> Task to carry out: What you return should be the full listing, copied exactly and stripped of its pictures.

Available records below:

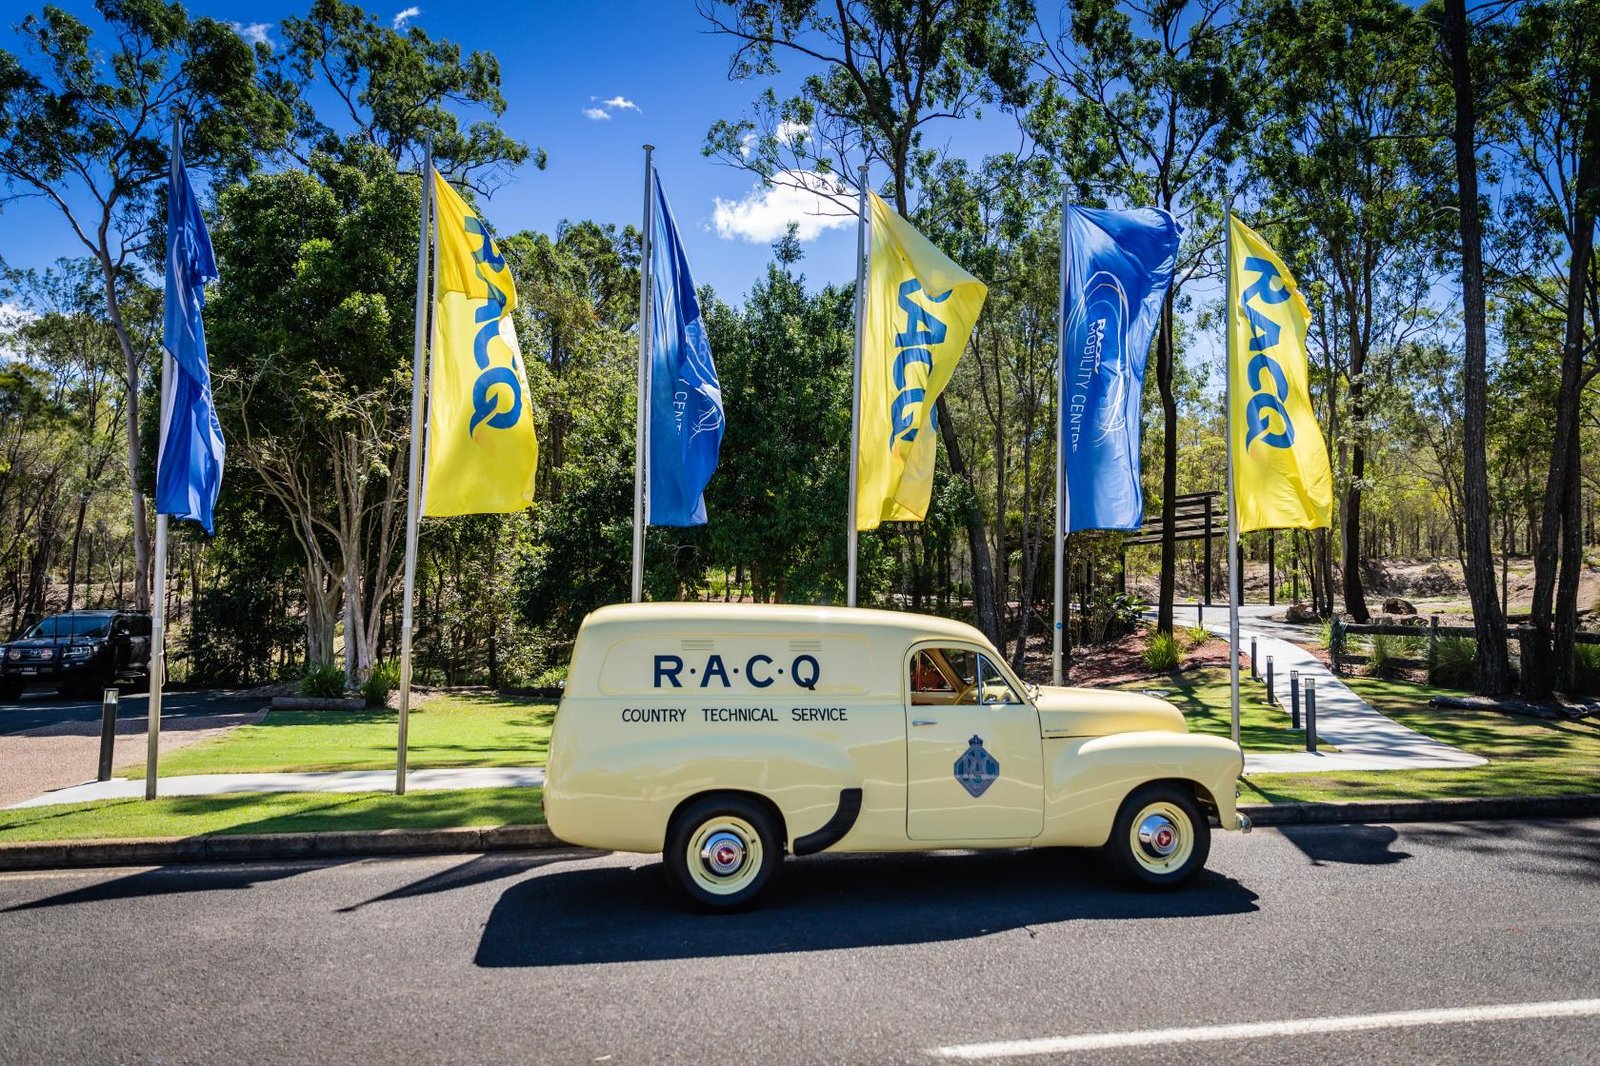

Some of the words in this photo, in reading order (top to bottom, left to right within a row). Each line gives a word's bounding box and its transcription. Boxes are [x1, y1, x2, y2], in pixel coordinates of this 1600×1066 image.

[1074, 321, 1096, 390] MOBILITY
[1241, 256, 1296, 455] RACQ
[621, 708, 687, 723] COUNTRY
[701, 708, 779, 723] TECHNICAL
[791, 707, 849, 722] SERVICE
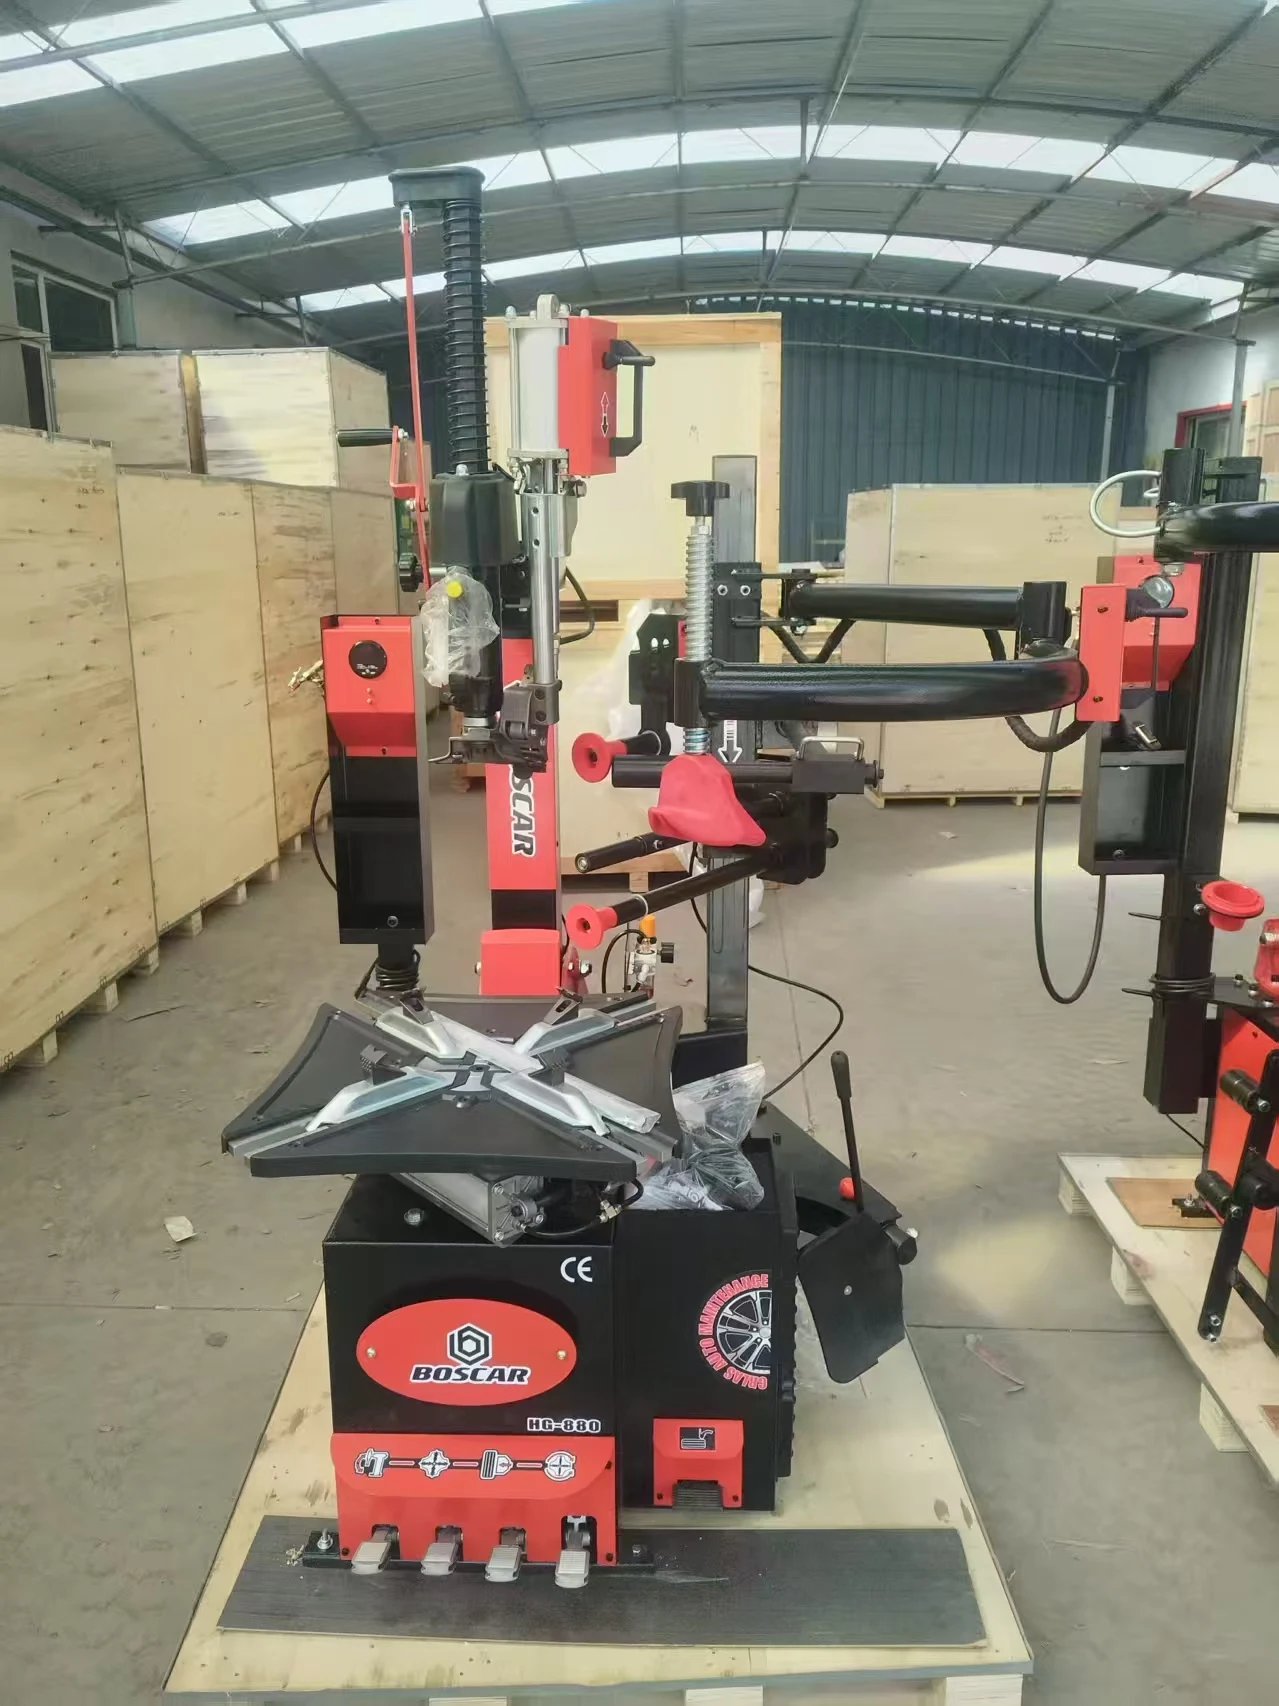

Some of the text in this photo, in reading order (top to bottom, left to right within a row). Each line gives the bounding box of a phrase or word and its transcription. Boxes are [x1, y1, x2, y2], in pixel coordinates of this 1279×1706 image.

[509, 768, 536, 858] SCAR
[560, 1256, 593, 1283] CE
[698, 1273, 769, 1336] MAINTENANCE
[699, 1337, 729, 1372] AUTO
[409, 1364, 531, 1385] BOSCAR
[527, 1418, 601, 1433] HG-880

End of Available records.

> Exercise solution:
Some of the words in this photo, in reading order (top to bottom, left to right within a row). Each line gives a word's bounding box and its transcription. Boxes are [x1, y1, x2, y2], in pixel coordinates of this 1600×1066 image.

[1074, 321, 1096, 390] MOBILITY
[1241, 256, 1296, 455] RACQ
[621, 708, 687, 723] COUNTRY
[701, 708, 779, 723] TECHNICAL
[791, 707, 849, 722] SERVICE

Some of the text in this photo, in reading order (top to bottom, left to right within a row). Each line gives the bounding box of a phrase or word and its transcription. Boxes are [x1, y1, x2, y2], in pixel coordinates of this 1279×1706 image.

[509, 768, 536, 858] SCAR
[560, 1256, 593, 1283] CE
[698, 1273, 769, 1336] MAINTENANCE
[699, 1337, 729, 1372] AUTO
[409, 1364, 531, 1385] BOSCAR
[527, 1418, 601, 1433] HG-880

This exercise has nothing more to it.